↓↓↓
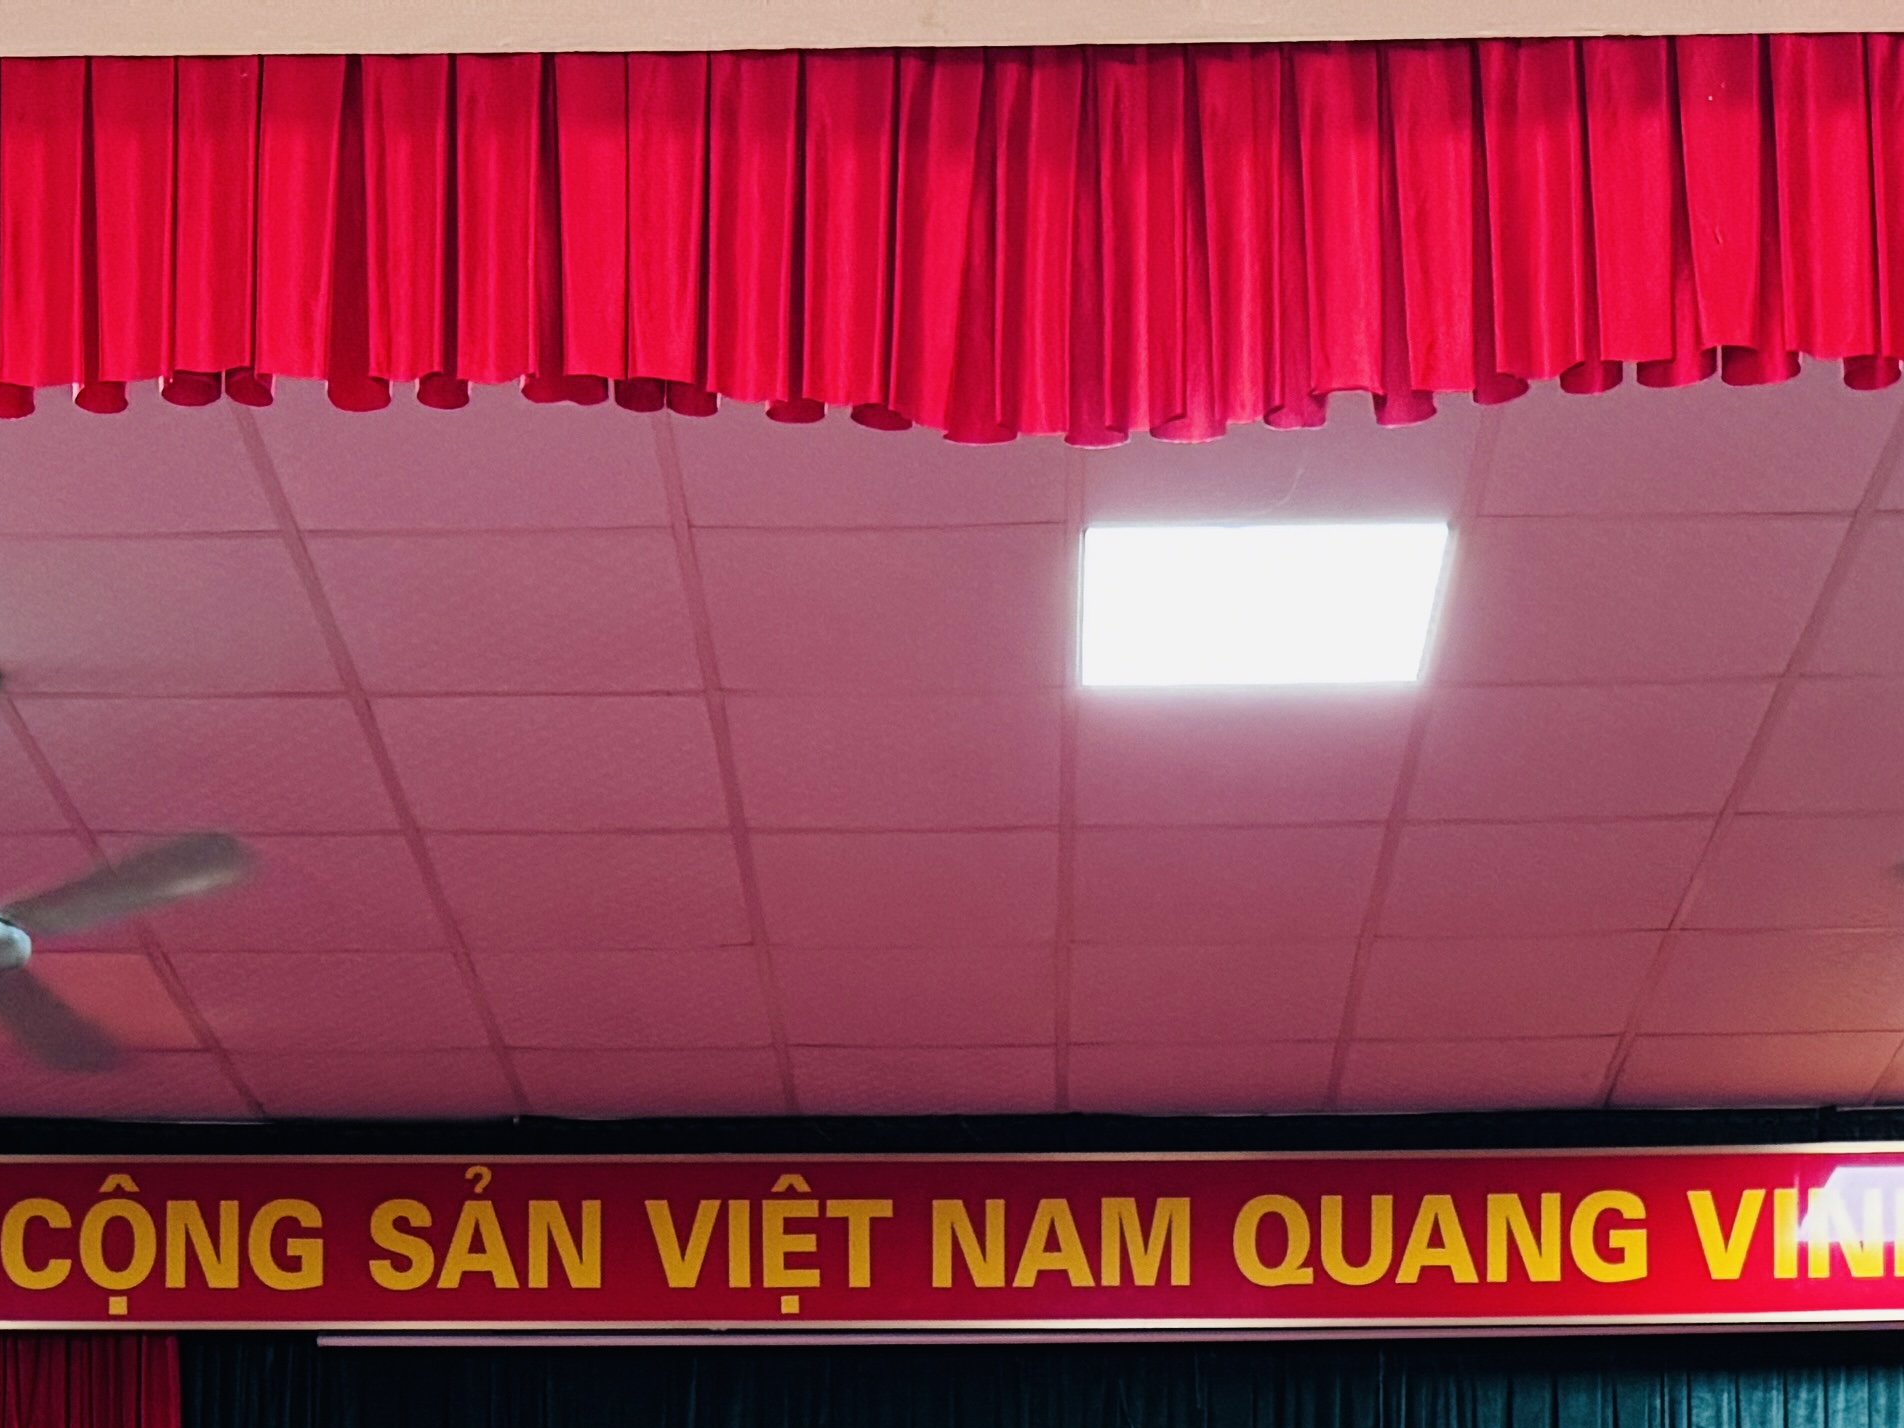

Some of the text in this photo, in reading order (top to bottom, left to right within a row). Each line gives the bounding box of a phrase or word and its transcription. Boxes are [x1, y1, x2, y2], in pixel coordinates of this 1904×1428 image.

[1, 1172, 325, 1315] CỘNG
[369, 1164, 602, 1290] SẢN
[647, 1173, 893, 1315] VIỆT
[932, 1194, 1192, 1288] NAM
[1232, 1189, 1650, 1287] QUANG
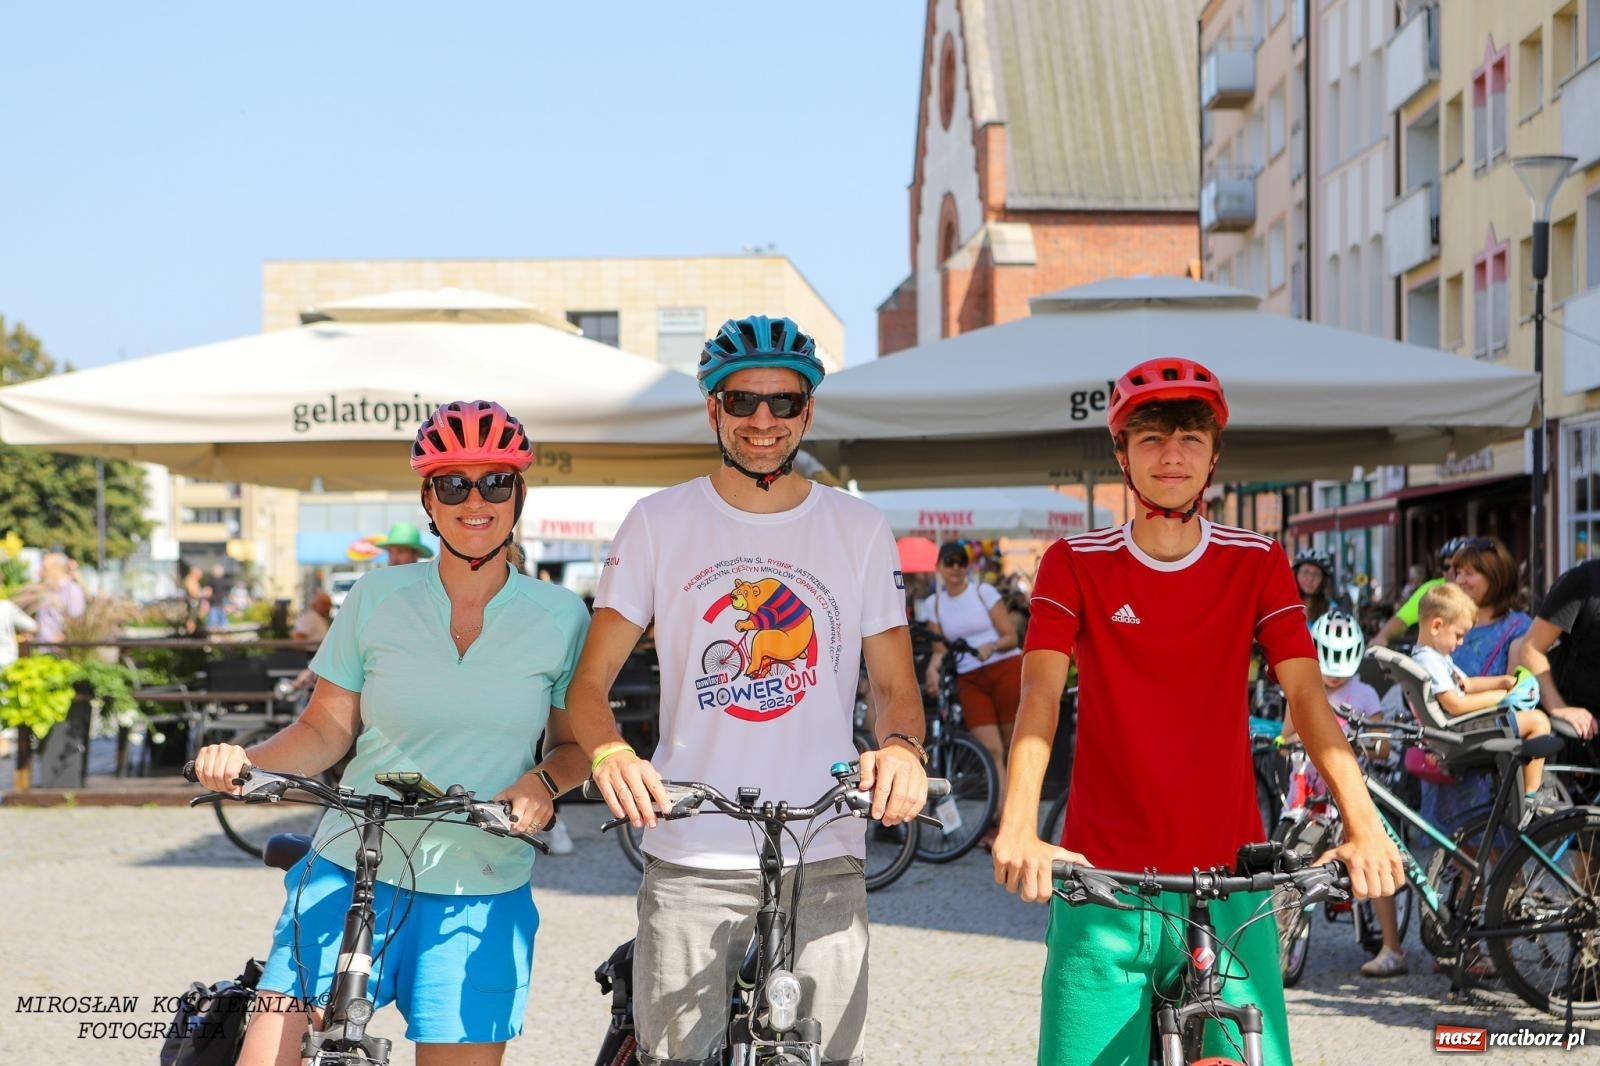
↑↑↑
With the images omitted, repeat all the data word for word.

(SOLVED PROBLEM):
Some of the text in this photo, in reading order (top to bottom, left to right within a row). Each line gives the bounding box of a phrase or word and its transcription. Boxes are [x1, y1, x2, y2], in pixel coordinates of this 1904×1428 image.

[1, 1172, 325, 1315] CỘNG
[369, 1164, 602, 1290] SẢN
[647, 1173, 893, 1315] VIỆT
[932, 1194, 1192, 1288] NAM
[1232, 1189, 1650, 1287] QUANG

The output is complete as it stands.